Currently, Jack and I live in apartment 15, bloc 3, of Stradă Sârguințeii in Târgu Mureș, Romania.  Every day we climb up five flights of stairs after class and then stand, panting, to unlock the heavy wooden door to our home.  The building is quite nice, especially compared to our building in Lupeni, though it looks like a towering concrete monolith just like the rest of Romania's blocs -- just this one is mercifully free of decay.  We live with an older woman named Otilia and a dental student named Georgiana, who also rents a room.  As we've mentioned before, Otilia is a lovely lady, a recent widow who has taken in boarders so she doesn't have to live alone.  We like her a lot, and are enjoying the give-and-take of teaching each other our respective languages, the laughter and confusion of complete misunderstanding, the sharing of meals and stories, and the gradual learning of life together.

But oh, life together... what a feat that is.

Personally, I am enough of an extrovert that most of the time I enjoy living with a host grandma, trying to talk with her, listening to her go off on tangents in Romanian for thirty minutes over dinner.  We're learning more and more every day, and it's fun to realize that we're having real conversations now, about real things!  We talk about cars and driving (she has an old white Dacia, but only her husband knew how to drive it), about communism and gardening (under the regime food production was stifled by the state, so even gardening could be seen as an underground activity), about death and marriage and her grief for her husband (he passed away just last June), and about the bizarre things we do to American food (last night I made cookie dough brownies, if that helps explain).

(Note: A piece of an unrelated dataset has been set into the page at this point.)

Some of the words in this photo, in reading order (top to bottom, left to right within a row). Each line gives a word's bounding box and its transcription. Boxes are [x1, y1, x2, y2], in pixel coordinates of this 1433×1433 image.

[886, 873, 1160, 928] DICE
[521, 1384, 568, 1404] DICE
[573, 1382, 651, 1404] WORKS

Otilia is a lovely, intelligent, lively woman, and living with her brings us joy.  But I also am recognizing in myself the desire to "nest" -- a longing to make our home cozy and ours, to hang things on the walls, to play some Bruce Cockburn and The Duhks and dance around without feeling like an imposition.  Otilia has been a wonderful host and seems to enjoy putting up with our American, 22-year-old, newlywed antics.  She lets us invite people over, and helps prepare food for them (ah, the ever-hospitable Romanian hostess).  She makes soup and buys bread and cooks potatoes from her garden and offers food to us many times a day, always checking to make sure we've eaten.  It is good to live here.  But how to make home?

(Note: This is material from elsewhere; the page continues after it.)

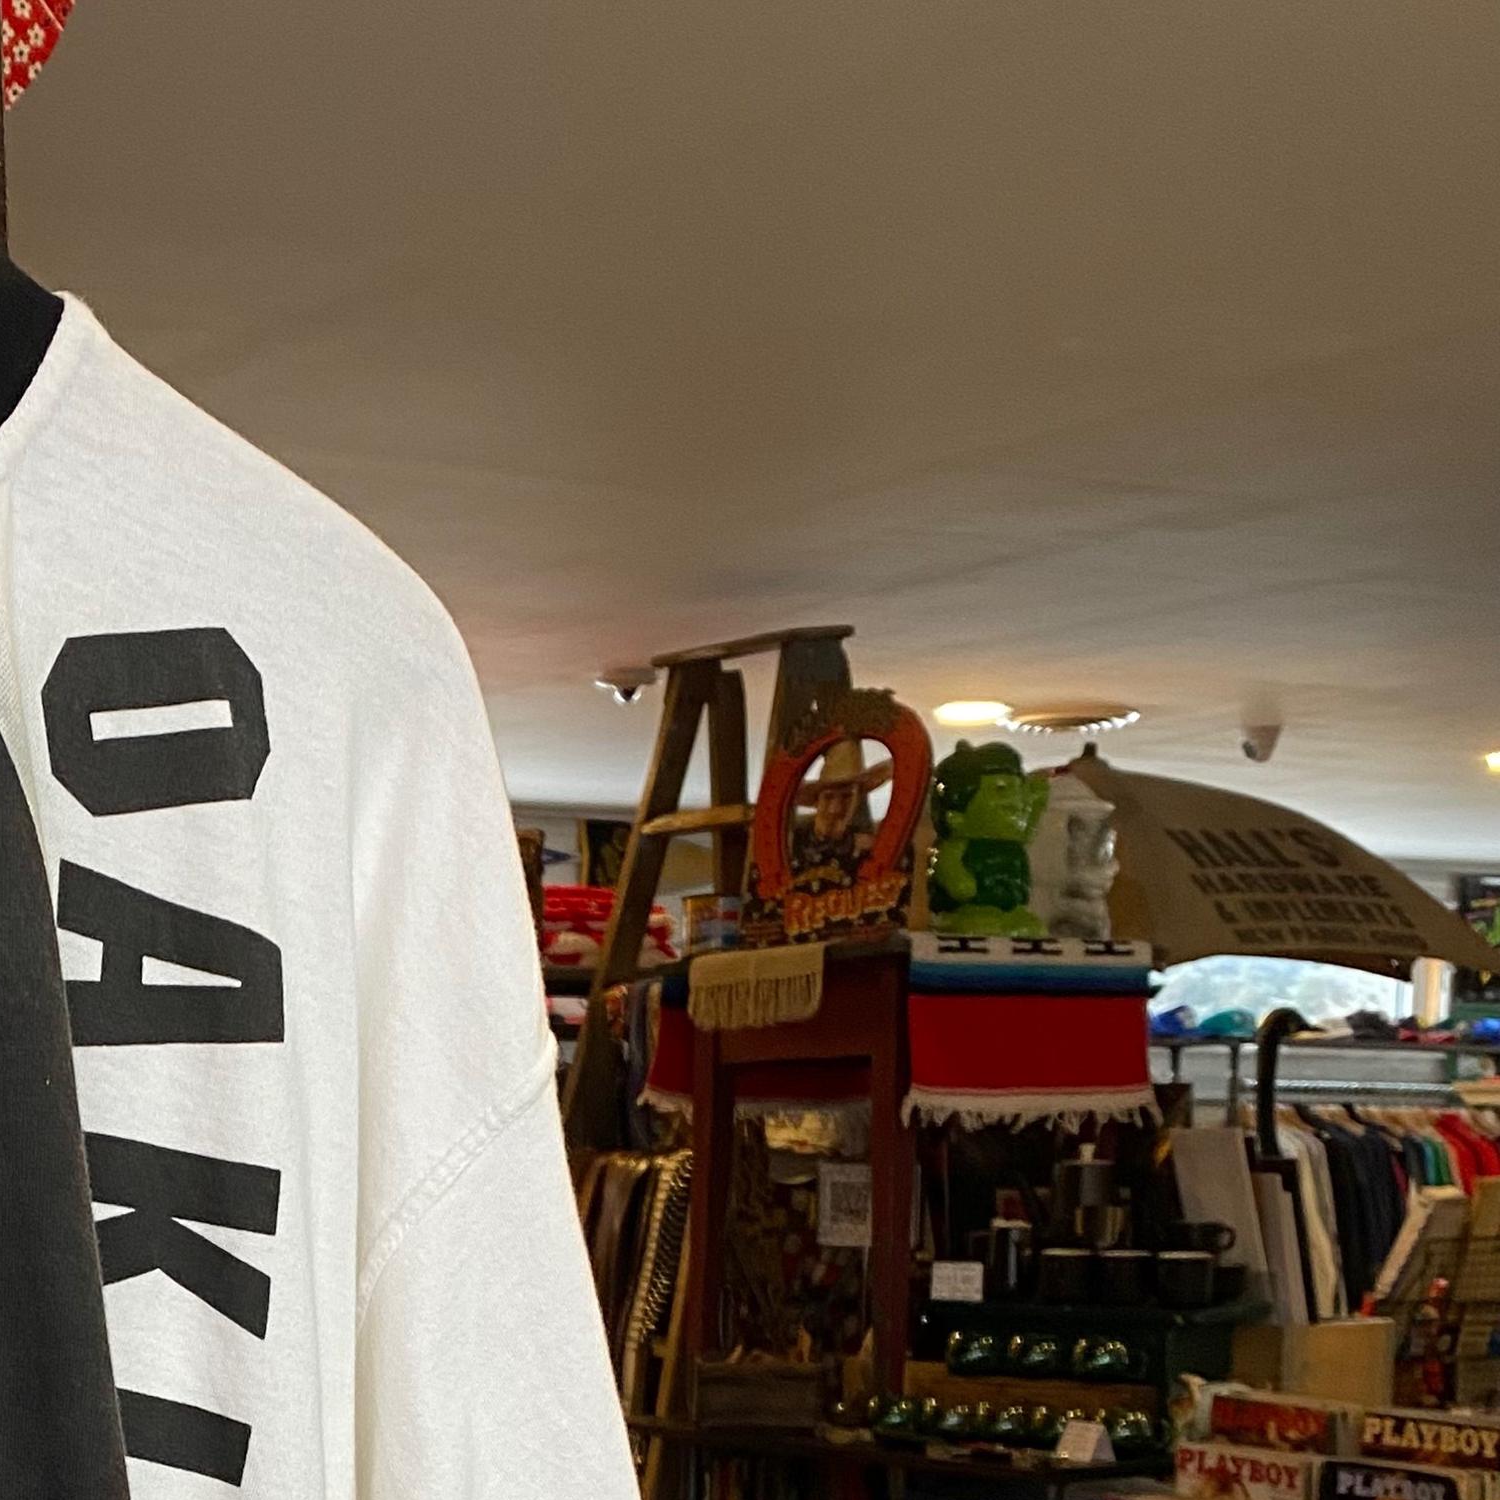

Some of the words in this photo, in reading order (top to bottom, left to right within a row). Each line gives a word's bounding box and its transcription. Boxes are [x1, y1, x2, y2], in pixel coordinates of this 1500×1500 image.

[1190, 872, 1392, 898] HARDWARE
[1363, 1416, 1500, 1459] PLAYBOY
[1177, 1447, 1299, 1489] PLAYBOY

I guess this is what it feels like to combine intercultural communication and adaptation with newlyweds learning to live in someone else's home for three months.  It's not a common thing for American couples to live with other people, and after seven months of having our own apartment, I'm realizing that this is a big adjustment.  I like it here, a lot.  I really do.  I don't think I'd be learning nearly as much Romanian if we lived alone, and in fact, I think Jack and I would be a bit bored and lonely.  But right now, as I sit on the Tweety Bird duvet cover in our bedroom, looking at the white-lace-and-orange-linen curtains that shield the balcony, lamenting the pile of books and flashcards and waterbottles and electronics that clutter the small table in our bedroom, I feel some nesting, cozying, mama-bird instinct kicking in, wanting to make this place look and feel more like home... to me.

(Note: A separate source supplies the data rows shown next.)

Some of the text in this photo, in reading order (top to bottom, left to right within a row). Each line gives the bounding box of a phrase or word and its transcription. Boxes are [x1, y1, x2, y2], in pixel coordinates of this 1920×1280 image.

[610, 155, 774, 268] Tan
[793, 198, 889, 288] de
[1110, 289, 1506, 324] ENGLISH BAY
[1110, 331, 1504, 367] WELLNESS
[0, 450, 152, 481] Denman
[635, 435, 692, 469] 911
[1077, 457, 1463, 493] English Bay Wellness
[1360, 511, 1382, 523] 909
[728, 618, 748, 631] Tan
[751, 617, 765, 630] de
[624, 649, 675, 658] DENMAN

So perhaps I will allow myself to accept that God created us to long for and appreciate beauty, and I'll go for a long walk in the woods.  And then maybe I will go buy a basket to organize the clutter and a candle or two to make the space cozy, and turn off the lights so as not to see the robin's-egg-blue paint on the walls.  I will appreciate the things that are beautiful already -- the gorgeous stained wood of the wardrobe, the lovely woven rug, the plants growing on the balcony -- and remind myself that preferences are not all that important, after all.  I will appreciate the gifts of hospitality and generosity and food, and let Otilia know that I appreciate them.  And as we live here together, Jack and I, we will make it home --  because home is a place of love and safety and hospitality... and some beauty and coziness, if you can muster it.  So we make home by living here, by loving here, by belonging here.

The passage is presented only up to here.